**Recorded data**
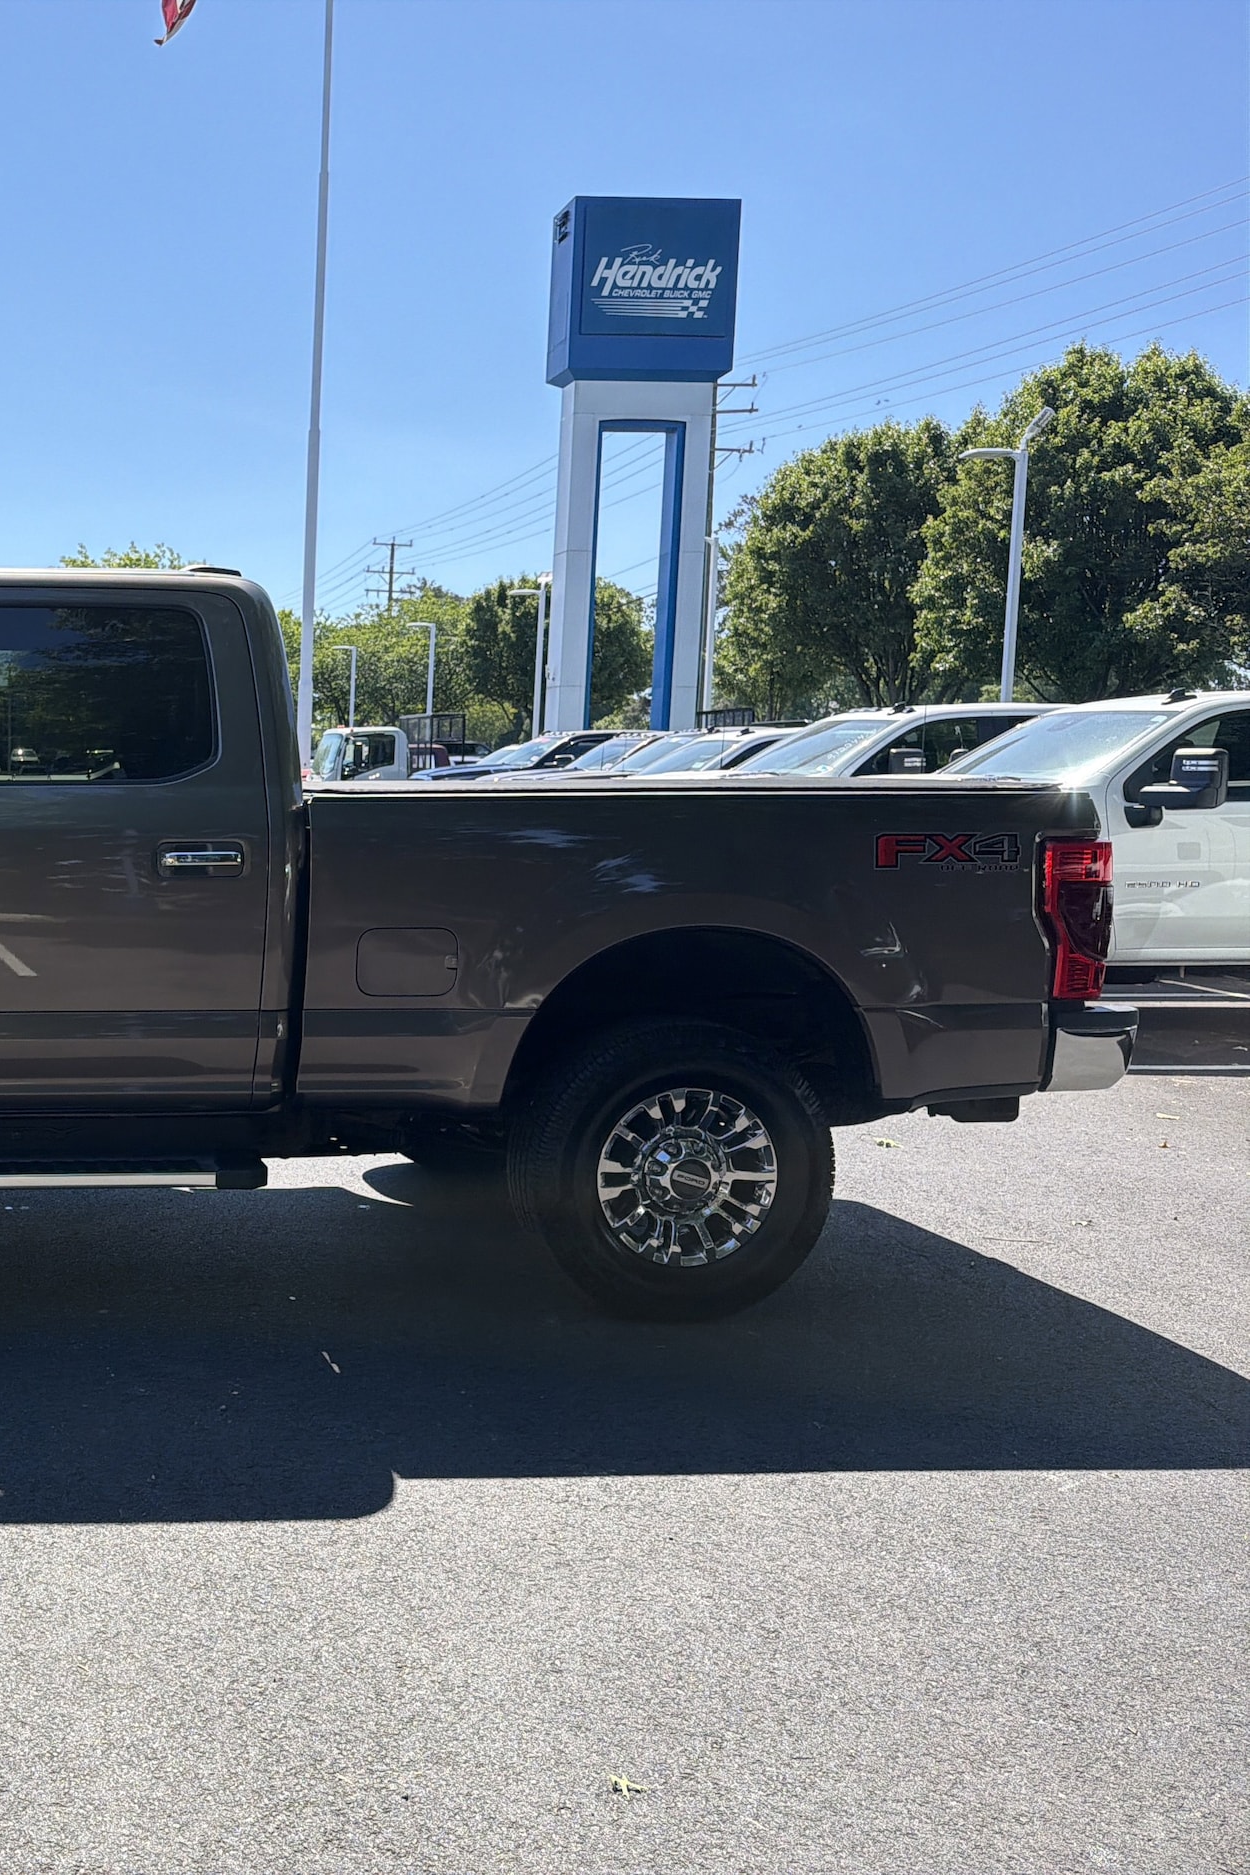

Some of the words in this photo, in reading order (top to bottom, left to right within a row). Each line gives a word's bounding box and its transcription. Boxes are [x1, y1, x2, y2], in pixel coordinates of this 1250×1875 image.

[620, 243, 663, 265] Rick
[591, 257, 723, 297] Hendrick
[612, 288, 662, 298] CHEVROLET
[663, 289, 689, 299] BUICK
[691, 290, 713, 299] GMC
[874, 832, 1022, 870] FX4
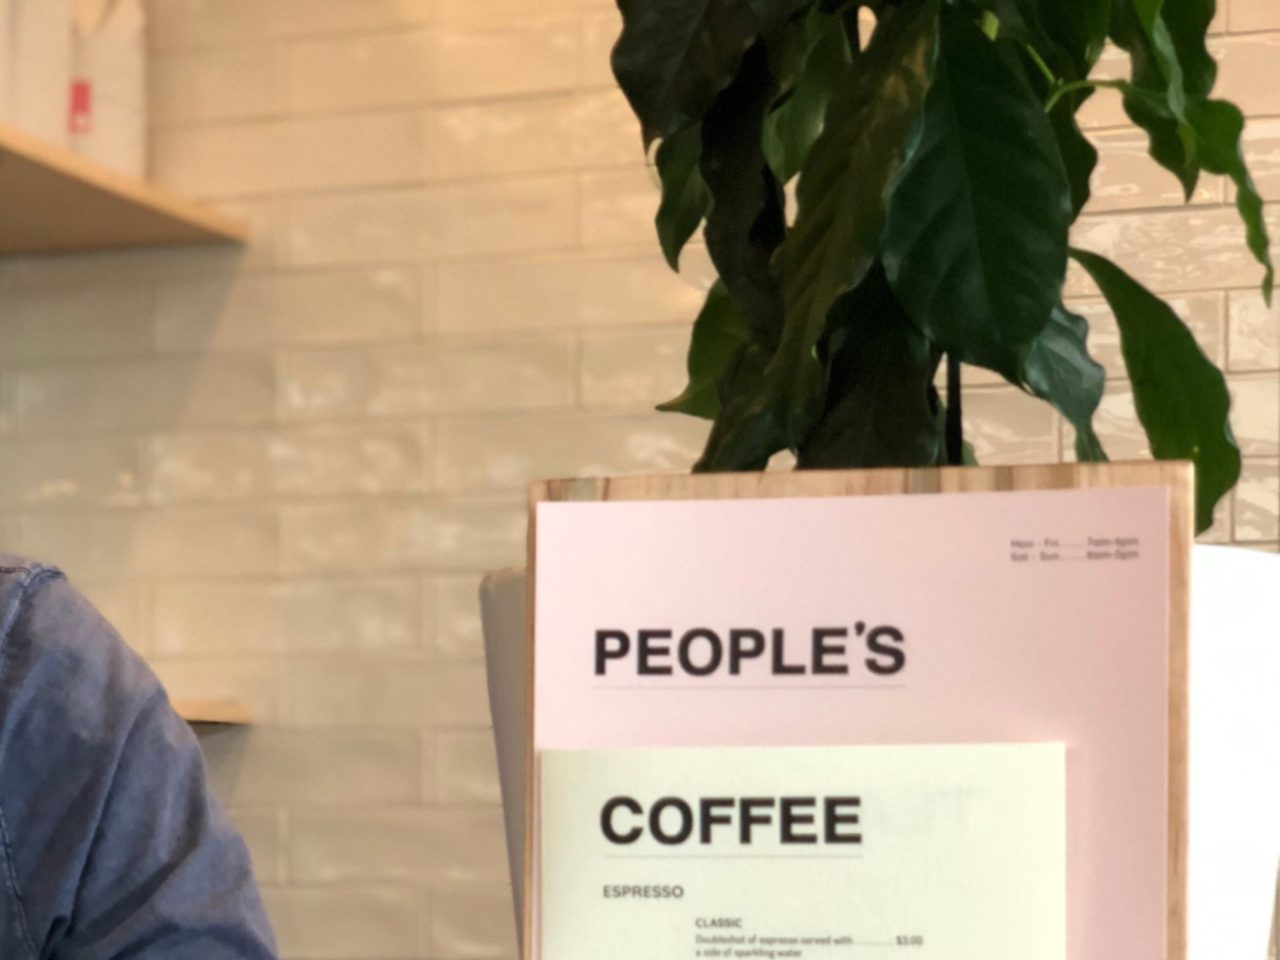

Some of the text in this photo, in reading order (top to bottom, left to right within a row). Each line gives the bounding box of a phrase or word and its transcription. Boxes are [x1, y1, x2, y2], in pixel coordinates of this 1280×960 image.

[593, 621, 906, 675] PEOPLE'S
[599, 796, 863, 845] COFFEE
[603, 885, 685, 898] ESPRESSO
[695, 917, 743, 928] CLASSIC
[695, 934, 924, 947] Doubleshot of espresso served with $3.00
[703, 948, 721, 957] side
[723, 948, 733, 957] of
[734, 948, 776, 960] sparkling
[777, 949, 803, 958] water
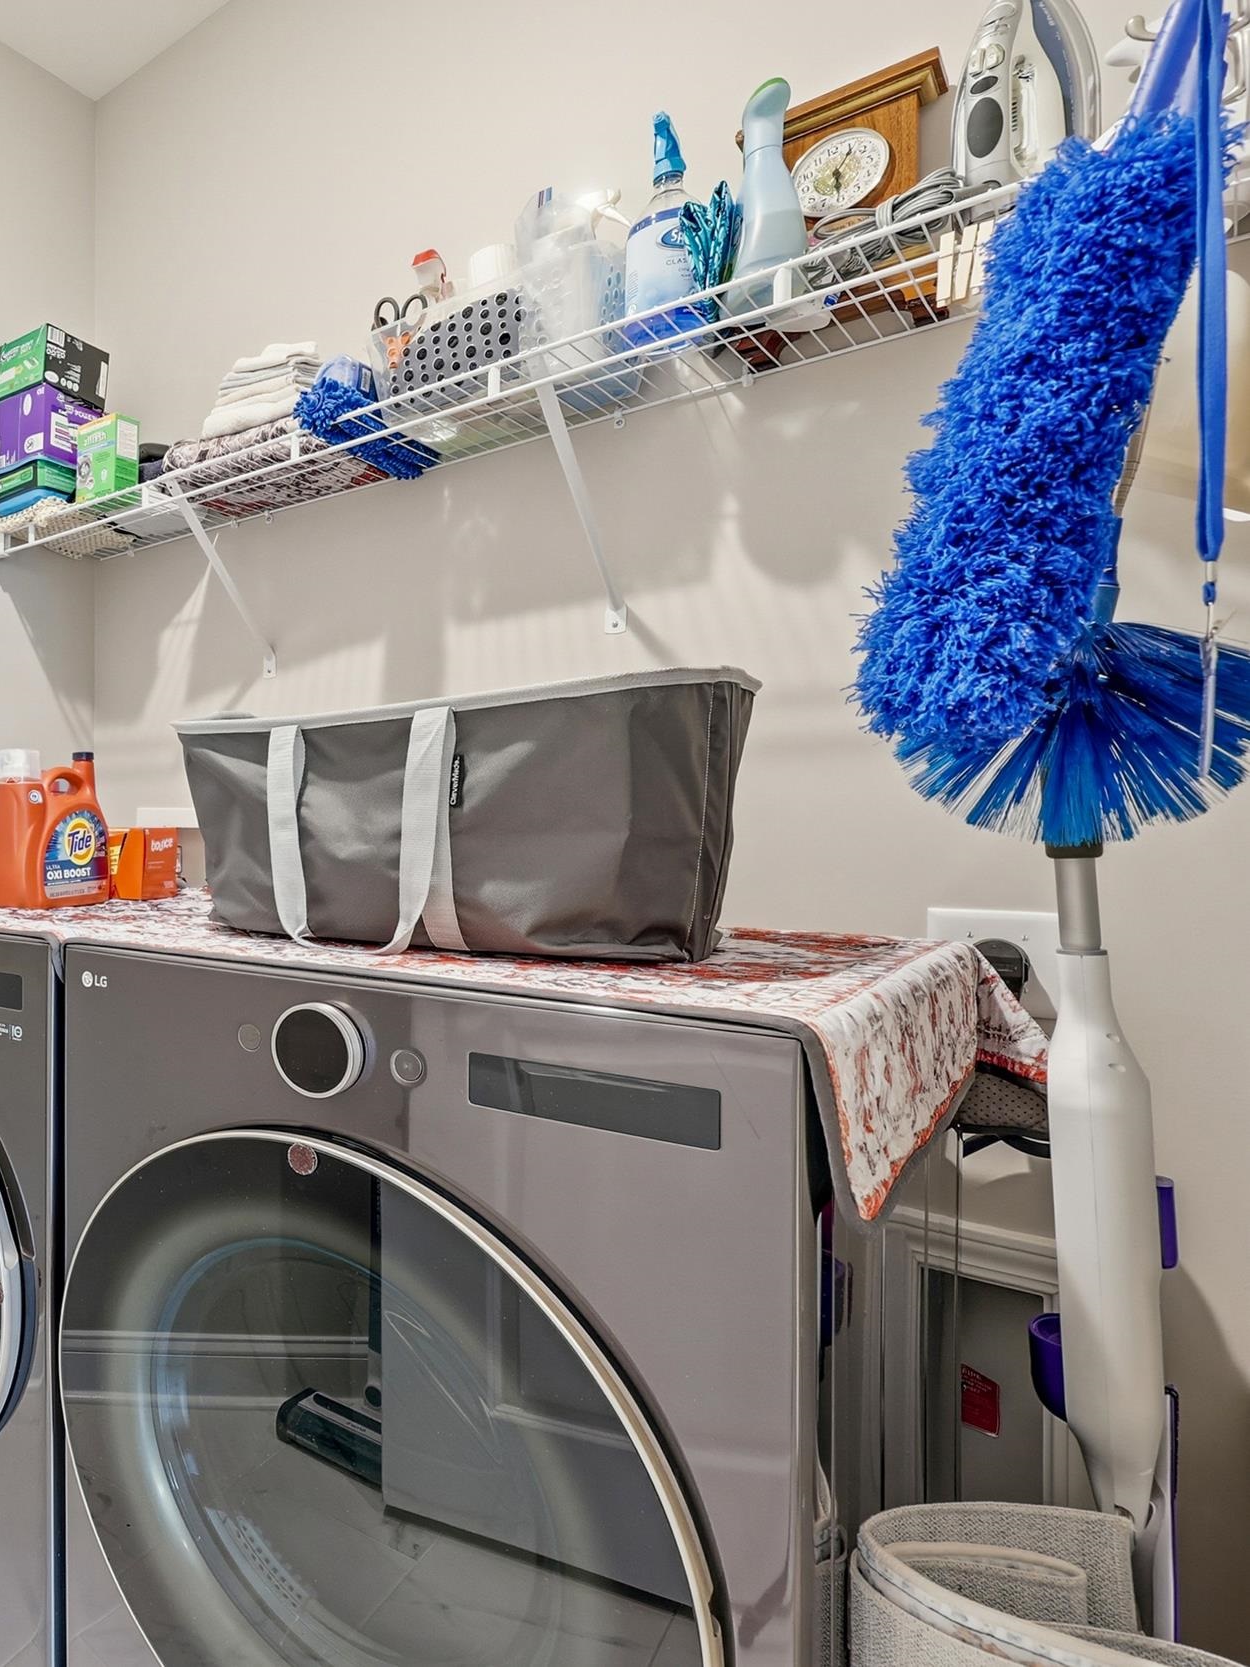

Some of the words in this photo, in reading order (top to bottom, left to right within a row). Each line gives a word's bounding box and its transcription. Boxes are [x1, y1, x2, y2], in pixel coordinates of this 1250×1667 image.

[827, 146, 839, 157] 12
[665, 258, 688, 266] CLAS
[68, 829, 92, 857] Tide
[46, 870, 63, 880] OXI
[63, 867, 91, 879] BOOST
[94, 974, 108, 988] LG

**AIM OF THE EXERCISE**
Send back the data above word for word, with the pictures left out.

**WRITTEN ANSWER**
Some of the words in this photo, in reading order (top to bottom, left to right within a row). Each line gives a word's bounding box and its transcription. Boxes are [x1, y1, x2, y2], in pixel coordinates of this 1250×1875 image.

[620, 243, 663, 265] Rick
[591, 257, 723, 297] Hendrick
[612, 288, 662, 298] CHEVROLET
[663, 289, 689, 299] BUICK
[691, 290, 713, 299] GMC
[874, 832, 1022, 870] FX4

Some of the text in this photo, in reading order (top to bottom, left to right within a row). Each line gives the bounding box of a phrase or word and its transcription. Boxes are [x1, y1, x2, y2], in pixel coordinates of this 1280×960 image.

[593, 621, 906, 675] PEOPLE'S
[599, 796, 863, 845] COFFEE
[603, 885, 685, 898] ESPRESSO
[695, 917, 743, 928] CLASSIC
[695, 934, 924, 947] Doubleshot of espresso served with $3.00
[703, 948, 721, 957] side
[723, 948, 733, 957] of
[734, 948, 776, 960] sparkling
[777, 949, 803, 958] water

Some of the words in this photo, in reading order (top to bottom, left to right within a row). Each line gives a word's bounding box and its transcription. Boxes are [x1, y1, x2, y2], in pixel coordinates of this 1250×1667 image.

[827, 146, 839, 157] 12
[665, 258, 688, 266] CLAS
[68, 829, 92, 857] Tide
[46, 870, 63, 880] OXI
[63, 867, 91, 879] BOOST
[94, 974, 108, 988] LG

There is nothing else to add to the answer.